▶ _Required work_
Print the data again, exactly.

[Items from a data source]
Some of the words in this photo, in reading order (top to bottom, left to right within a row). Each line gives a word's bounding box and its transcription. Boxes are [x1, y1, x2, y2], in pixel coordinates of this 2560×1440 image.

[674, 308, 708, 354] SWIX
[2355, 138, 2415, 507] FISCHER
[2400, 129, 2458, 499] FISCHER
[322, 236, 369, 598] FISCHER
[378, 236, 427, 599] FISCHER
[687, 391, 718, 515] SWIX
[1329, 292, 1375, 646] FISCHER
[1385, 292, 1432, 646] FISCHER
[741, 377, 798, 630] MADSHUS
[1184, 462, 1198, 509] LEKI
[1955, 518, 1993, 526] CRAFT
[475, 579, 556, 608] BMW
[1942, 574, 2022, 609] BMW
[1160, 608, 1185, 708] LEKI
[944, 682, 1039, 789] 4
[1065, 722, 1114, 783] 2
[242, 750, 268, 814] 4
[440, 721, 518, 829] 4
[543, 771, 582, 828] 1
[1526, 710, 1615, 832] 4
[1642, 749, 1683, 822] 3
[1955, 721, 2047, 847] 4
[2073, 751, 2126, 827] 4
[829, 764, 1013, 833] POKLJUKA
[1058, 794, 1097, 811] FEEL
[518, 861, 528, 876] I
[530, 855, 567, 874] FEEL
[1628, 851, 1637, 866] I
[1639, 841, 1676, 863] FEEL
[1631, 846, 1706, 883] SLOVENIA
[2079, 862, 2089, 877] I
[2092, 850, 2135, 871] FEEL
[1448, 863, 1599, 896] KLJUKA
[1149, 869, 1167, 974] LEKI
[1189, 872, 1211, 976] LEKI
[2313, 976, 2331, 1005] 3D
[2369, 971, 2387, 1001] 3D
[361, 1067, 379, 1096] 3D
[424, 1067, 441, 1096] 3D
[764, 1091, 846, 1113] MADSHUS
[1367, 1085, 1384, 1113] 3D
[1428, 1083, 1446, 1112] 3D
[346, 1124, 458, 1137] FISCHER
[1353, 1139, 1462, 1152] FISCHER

▶ _Solution_
Some of the words in this photo, in reading order (top to bottom, left to right within a row). Each line gives a word's bounding box and its transcription. Boxes are [x1, y1, x2, y2], in pixel coordinates of this 2560×1440 image.

[674, 308, 708, 354] SWIX
[2355, 138, 2415, 507] FISCHER
[2400, 129, 2458, 499] FISCHER
[322, 236, 369, 598] FISCHER
[378, 236, 427, 599] FISCHER
[687, 391, 718, 515] SWIX
[1329, 292, 1375, 646] FISCHER
[1385, 292, 1432, 646] FISCHER
[741, 377, 798, 630] MADSHUS
[1184, 462, 1198, 509] LEKI
[1955, 518, 1993, 526] CRAFT
[475, 579, 556, 608] BMW
[1942, 574, 2022, 609] BMW
[1160, 608, 1185, 708] LEKI
[944, 682, 1039, 789] 4
[1065, 722, 1114, 783] 2
[242, 750, 268, 814] 4
[440, 721, 518, 829] 4
[543, 771, 582, 828] 1
[1526, 710, 1615, 832] 4
[1642, 749, 1683, 822] 3
[1955, 721, 2047, 847] 4
[2073, 751, 2126, 827] 4
[829, 764, 1013, 833] POKLJUKA
[1058, 794, 1097, 811] FEEL
[518, 861, 528, 876] I
[530, 855, 567, 874] FEEL
[1628, 851, 1637, 866] I
[1639, 841, 1676, 863] FEEL
[1631, 846, 1706, 883] SLOVENIA
[2079, 862, 2089, 877] I
[2092, 850, 2135, 871] FEEL
[1448, 863, 1599, 896] KLJUKA
[1149, 869, 1167, 974] LEKI
[1189, 872, 1211, 976] LEKI
[2313, 976, 2331, 1005] 3D
[2369, 971, 2387, 1001] 3D
[361, 1067, 379, 1096] 3D
[424, 1067, 441, 1096] 3D
[764, 1091, 846, 1113] MADSHUS
[1367, 1085, 1384, 1113] 3D
[1428, 1083, 1446, 1112] 3D
[346, 1124, 458, 1137] FISCHER
[1353, 1139, 1462, 1152] FISCHER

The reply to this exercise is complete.